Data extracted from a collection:
== Segment start ==

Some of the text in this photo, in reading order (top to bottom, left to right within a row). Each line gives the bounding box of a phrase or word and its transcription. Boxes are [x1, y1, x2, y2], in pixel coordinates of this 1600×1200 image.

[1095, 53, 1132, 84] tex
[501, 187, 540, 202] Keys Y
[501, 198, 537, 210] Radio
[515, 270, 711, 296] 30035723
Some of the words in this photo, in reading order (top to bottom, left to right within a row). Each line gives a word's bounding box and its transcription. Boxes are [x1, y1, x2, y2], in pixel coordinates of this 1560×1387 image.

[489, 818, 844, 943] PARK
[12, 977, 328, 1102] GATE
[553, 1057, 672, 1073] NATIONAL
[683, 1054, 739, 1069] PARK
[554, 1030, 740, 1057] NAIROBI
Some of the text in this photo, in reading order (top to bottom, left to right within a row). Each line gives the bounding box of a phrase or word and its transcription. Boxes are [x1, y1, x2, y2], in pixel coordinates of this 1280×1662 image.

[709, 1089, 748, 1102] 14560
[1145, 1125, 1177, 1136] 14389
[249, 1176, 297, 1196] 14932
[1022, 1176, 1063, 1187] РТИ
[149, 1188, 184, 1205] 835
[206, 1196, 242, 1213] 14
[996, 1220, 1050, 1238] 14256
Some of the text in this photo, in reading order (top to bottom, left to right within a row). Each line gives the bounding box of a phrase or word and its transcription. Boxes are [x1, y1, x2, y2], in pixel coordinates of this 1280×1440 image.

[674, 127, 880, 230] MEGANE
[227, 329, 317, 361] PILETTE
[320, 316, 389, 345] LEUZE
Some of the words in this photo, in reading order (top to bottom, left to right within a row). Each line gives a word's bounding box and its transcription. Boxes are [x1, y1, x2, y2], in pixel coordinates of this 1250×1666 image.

== Segment end ==

Task instructions:
A complete, exact transcription of the data above is required.

Result of this task:
Some of the text in this photo, in reading order (top to bottom, left to right within a row). Each line gives the bounding box of a phrase or word and its transcription. Boxes are [x1, y1, x2, y2], in pixel coordinates of this 1600×1200 image.

[1095, 53, 1132, 84] tex
[501, 187, 540, 202] Keys Y
[501, 198, 537, 210] Radio
[515, 270, 711, 296] 30035723
Some of the words in this photo, in reading order (top to bottom, left to right within a row). Each line gives a word's bounding box and its transcription. Boxes are [x1, y1, x2, y2], in pixel coordinates of this 1560×1387 image.

[489, 818, 844, 943] PARK
[12, 977, 328, 1102] GATE
[553, 1057, 672, 1073] NATIONAL
[683, 1054, 739, 1069] PARK
[554, 1030, 740, 1057] NAIROBI
Some of the text in this photo, in reading order (top to bottom, left to right within a row). Each line gives the bounding box of a phrase or word and its transcription. Boxes are [x1, y1, x2, y2], in pixel coordinates of this 1280×1662 image.

[709, 1089, 748, 1102] 14560
[1145, 1125, 1177, 1136] 14389
[249, 1176, 297, 1196] 14932
[1022, 1176, 1063, 1187] РТИ
[149, 1188, 184, 1205] 835
[206, 1196, 242, 1213] 14
[996, 1220, 1050, 1238] 14256
Some of the text in this photo, in reading order (top to bottom, left to right within a row). Each line gives the bounding box of a phrase or word and its transcription. Boxes are [x1, y1, x2, y2], in pixel coordinates of this 1280×1440 image.

[674, 127, 880, 230] MEGANE
[227, 329, 317, 361] PILETTE
[320, 316, 389, 345] LEUZE
Some of the words in this photo, in reading order (top to bottom, left to right within a row). Each line gives a word's bounding box and its transcription. Boxes are [x1, y1, x2, y2], in pixel coordinates of this 1250×1666 image.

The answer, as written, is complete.